His work in his chosen field will ultimately change the way planners, statisticians and programmers look at our world. As a professor of mathematics and statistics at his alma mater, St. Petersburg University, he jointly designed number theory and probability theory in what is now known as Markov processes.
It is an approach to information processing that factors in constant change. In an era long before the dawn of computing, his approach – which is relatively simple when broken down for each application – embraces the idea of steady flow, and uses possible scenarios of change to benefit the system as a whole.
We’ll get to exactly how, but first, consider the far-reaching implications of such a system. It has applications in traffic management, hospital administration, gaming and finance — any field, really, that’s variable by nature.
One area where Markov processes (and its components, Markov chains) have become pivotal in the 21st century is the training of artificial intelligence (AI) programs.
Here’s how it works. Markov chains allow a live system – whether it’s a set of traffic signals or a chatbot conversation – to use its current state to predict which state will follow next and chart its next steps accordingly.
So, to use a simple example, a system of traffic lights can respond to a specific number of cars waiting at a signal by adjusting the duration of the green light to follow. Once the green light is turned on, it starts using only its current data set – the number of cars passing by – to predict its next step.
In the age of artificial intelligence, this may seem like an obvious thing to do, but it helps that frameworks like decision trees, which operate on the “if-then” principle, remain key building blocks in the world of software. . A decision tree is used, for example, by software programs on basic ATM machines. Here, only a limited number of default options can be adjusted. Each signal, the possibility that the user can choose in terms of options, is placed in advance for the machine; Each step is choreographed.
Whereas a decision-tree software program acts akin to a well-rehearsed ballet, a Markov-driven AI model is like a beautifully impromptu jazz performance on a street corner, among strangers.
Rather than requiring a software program to essentially read its cue cards and complete the next step, a Markov process gives the program tools, and thus the ability to recalculate and recalibrate, and “make decisions” as the process progresses.
And so it is that ChatGPT, Bing and other AI chatbots can conduct interactions with the user’s voice, and provide data and creative output (stories, poems, explainers).
Try the ChatGPT prompt “Write me a poem about 2 o’clock in the style of a nursery rhyme” versus “Write me a poem about 2 o’clock in the style of Robert Frost” and here’s a sample of what happens (we’ll leave it up to you to decide which is which).
Sample 1
The night is dark, the air is cold,
But all is quiet and all is still.
The world outside is asleep,
While I’m quietly counting some sheep.
Sample 2
The woods are dark and the stars are bright,
When I’m thinking about the meaning of this lonely night.
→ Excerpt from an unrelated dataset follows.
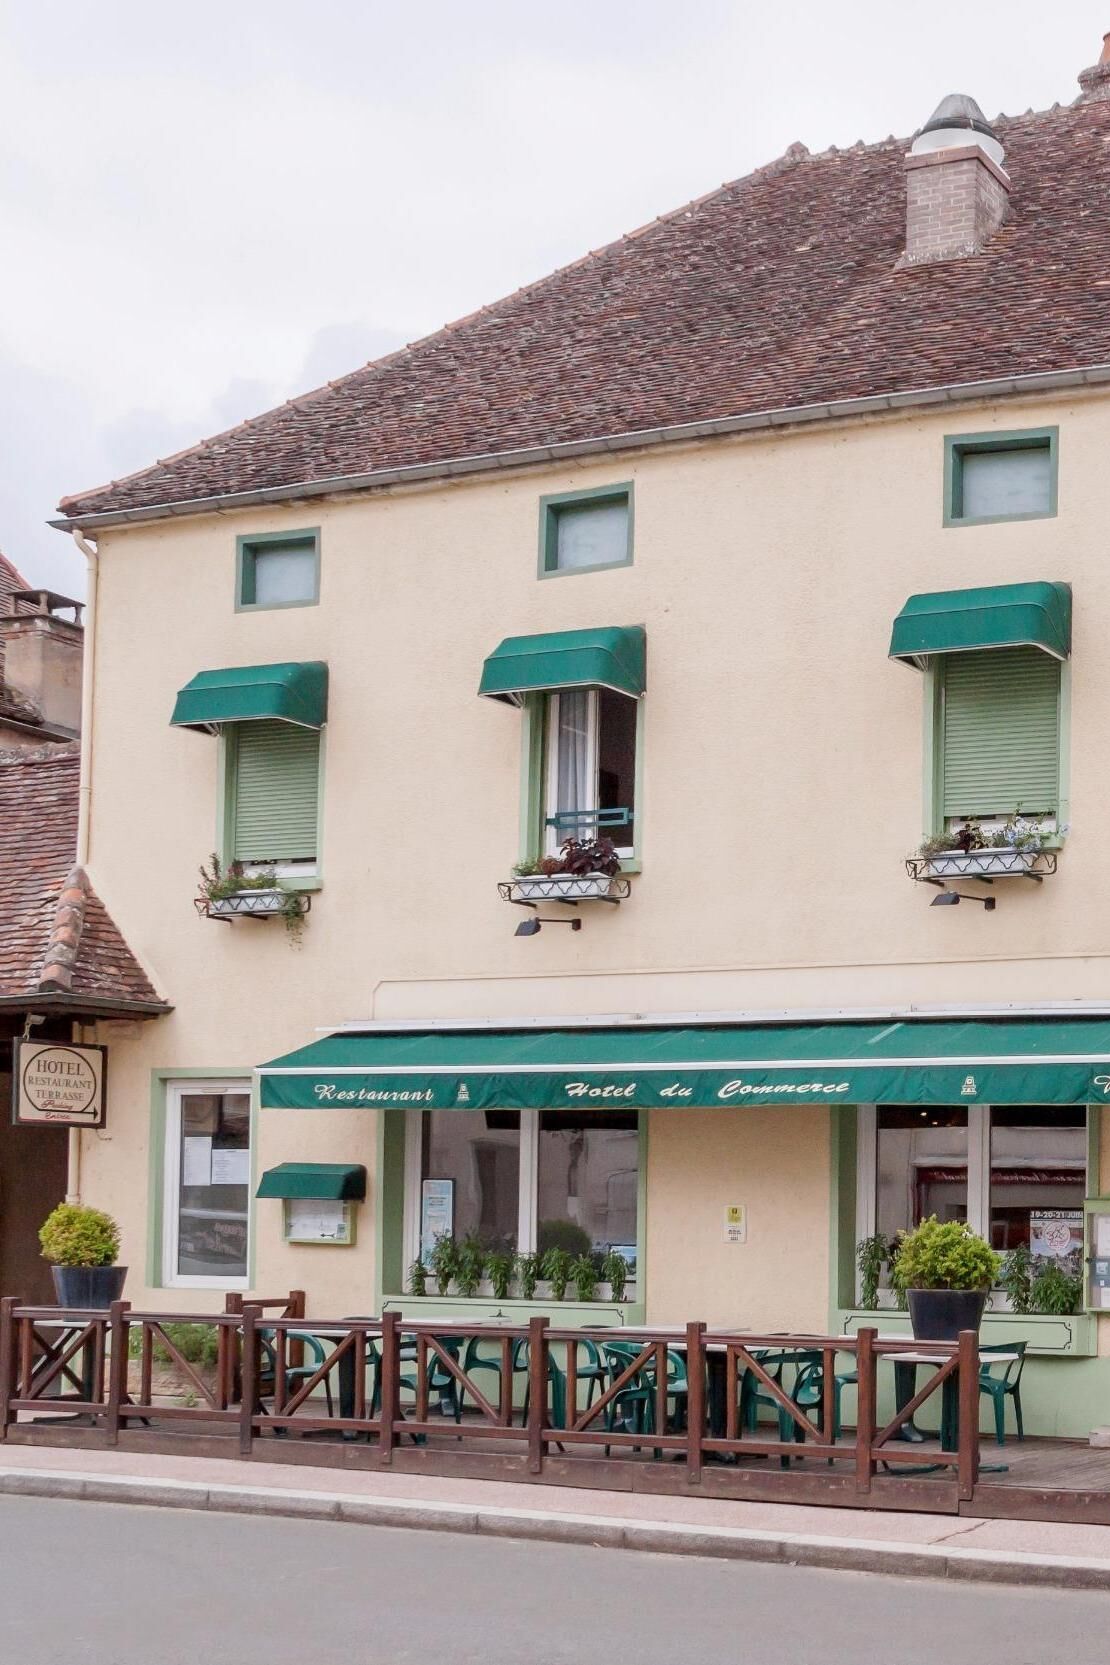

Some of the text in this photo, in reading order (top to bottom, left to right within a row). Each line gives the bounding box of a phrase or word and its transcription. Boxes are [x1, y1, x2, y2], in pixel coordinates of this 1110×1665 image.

The silence is only broken by my deep breath,
And the rustling of leaves in the cool night air.
Putting aside the quality of the term, which like all terms is debatable, ChatGPT could not have delivered the two different styles randomly, quickly and seamlessly without the input and feedback approach of the mid-19th century mathematician Markov.
Millions of random and unexpected data sets such as two poems form the basis of what this AI language model learns; Markov processes form the basis of how that information is used.
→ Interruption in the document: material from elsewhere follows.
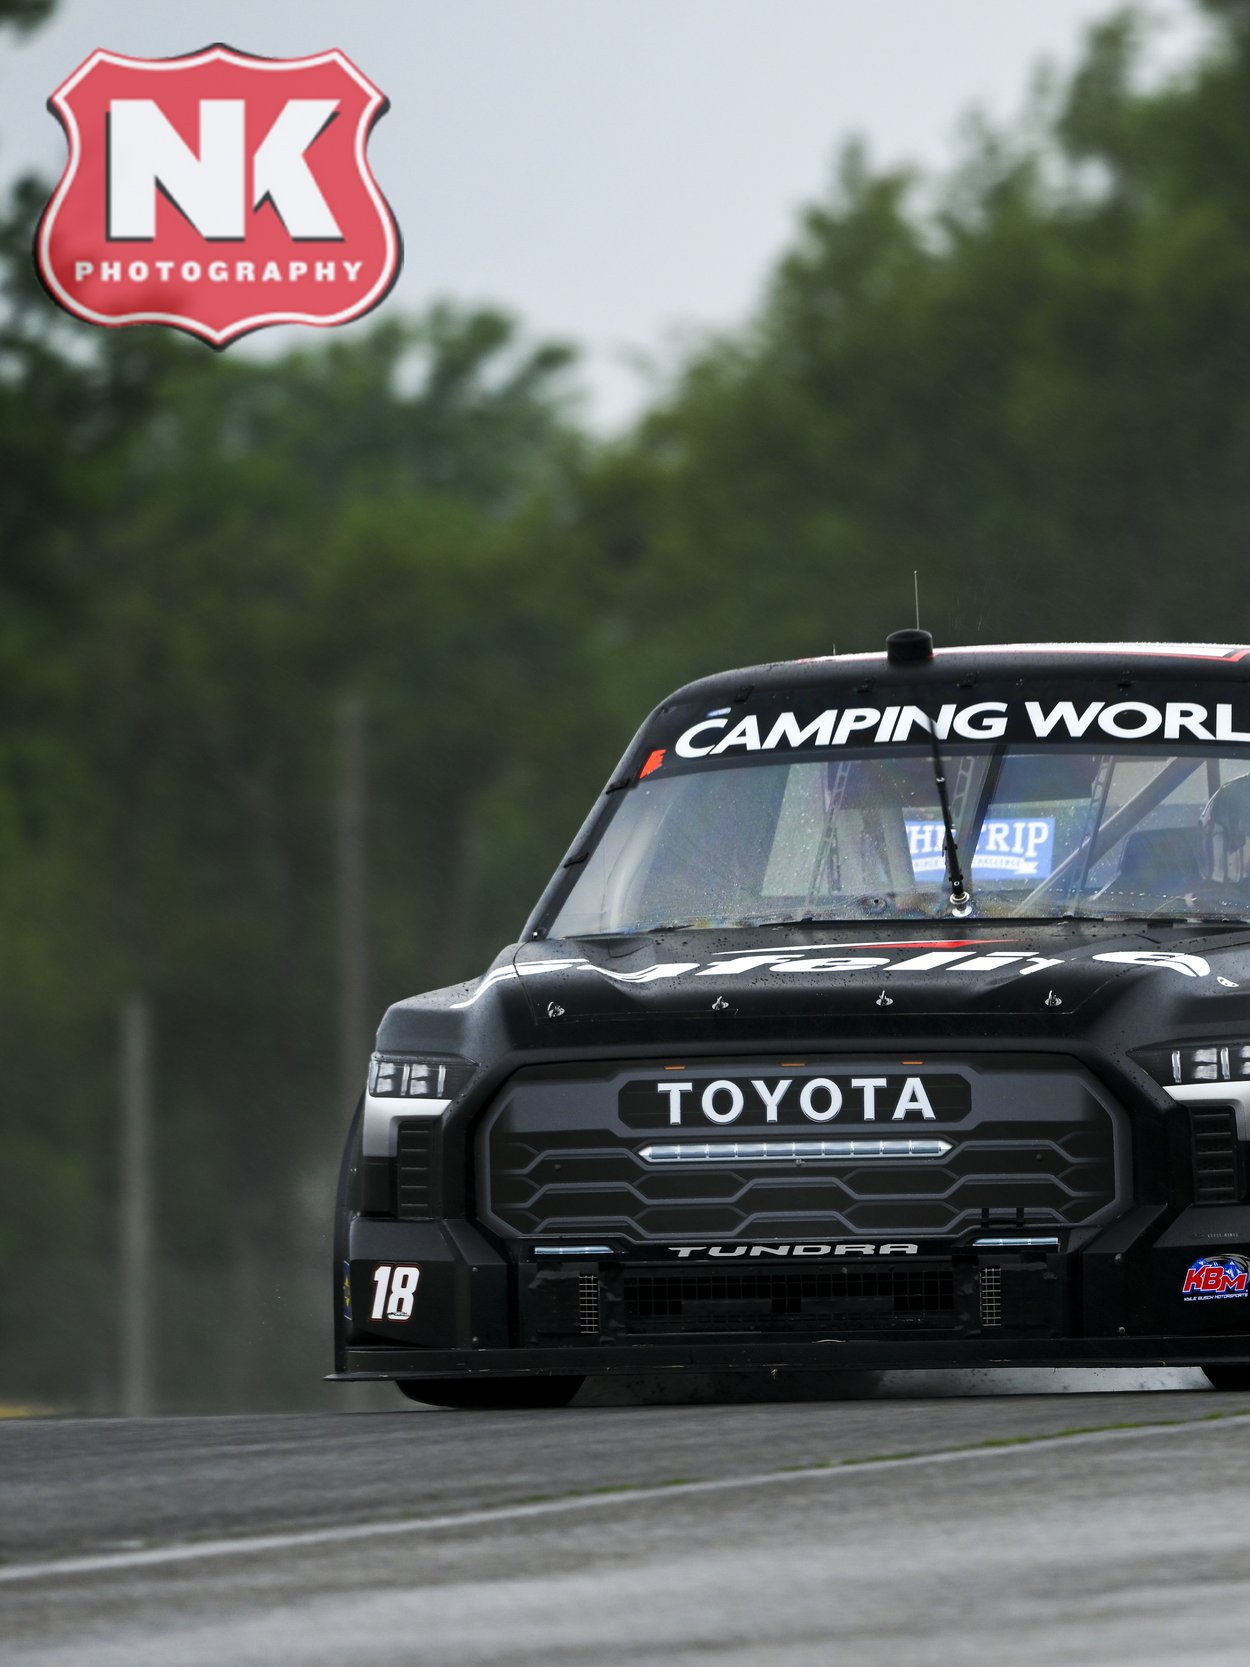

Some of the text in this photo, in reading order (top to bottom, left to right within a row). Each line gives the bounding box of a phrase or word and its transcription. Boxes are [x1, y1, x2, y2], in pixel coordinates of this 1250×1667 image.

How does a Markov process compare to machine learning, another method widely used to “teach” AI programs? With machine learning, in order to classify, examine, investigate, all data must be present. A machine learning program can only adjust within a limited and predetermined range of contexts, and cannot deviate from its set responses based on real-time signals.
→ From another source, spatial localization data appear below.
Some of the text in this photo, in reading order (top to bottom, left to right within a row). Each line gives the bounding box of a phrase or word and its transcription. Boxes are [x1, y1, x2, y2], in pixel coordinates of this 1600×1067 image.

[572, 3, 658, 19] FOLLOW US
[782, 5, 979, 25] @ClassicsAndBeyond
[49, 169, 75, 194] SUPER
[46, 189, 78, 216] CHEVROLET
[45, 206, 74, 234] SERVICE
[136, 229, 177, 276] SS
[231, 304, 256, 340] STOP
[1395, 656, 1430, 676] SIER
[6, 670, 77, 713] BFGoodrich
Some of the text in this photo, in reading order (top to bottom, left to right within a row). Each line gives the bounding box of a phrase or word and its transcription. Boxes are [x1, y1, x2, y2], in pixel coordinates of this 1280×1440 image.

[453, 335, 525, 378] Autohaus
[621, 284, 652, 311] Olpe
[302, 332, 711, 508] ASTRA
One thing that cannot be overlooked, however, when using a Markov process, is the margin of error. Each error leads to a new learning point, making each new scenario encountered a factor for future use. But this makes human involvement a necessity, not just a recommendation.
In a 2013 study on artificial intelligence in medicine by researchers at Indiana University and Centerstone Research Institute in the US, Markov processes were used as the basis for AI-driven decision-making in healthcare. The study used AI to think like a doctor among variables such as cost and complexity, policies and payment methods to develop a computational framework for non-disease-specific scenarios. It was in use to monitor healthcare equipment used by patients, and could predict an upcoming potential failure.
Such a program could largely complement human intervention, the study found.
Ask ChatGPT what the jobs of the future might be, as AI takes over more tasks, and it offers, in #3, without prompting: “Healthcare professionals — the healthcare industry is already using AI and machine learning… There will be a growing need for healthcare professionals who can work alongside them.” (The rest of its top 5 are made up of data scientists, software developers, cybersecurity experts and “as the world becomes more aware of the impact of human activity on the planet”, environmental scientists.)
Partly because of the Markov process, the AI is learning, growing, and “knowing” what it is.
Over time, will the process help AI take over? Not if the quality of the “Robert Frost” verse is any indication.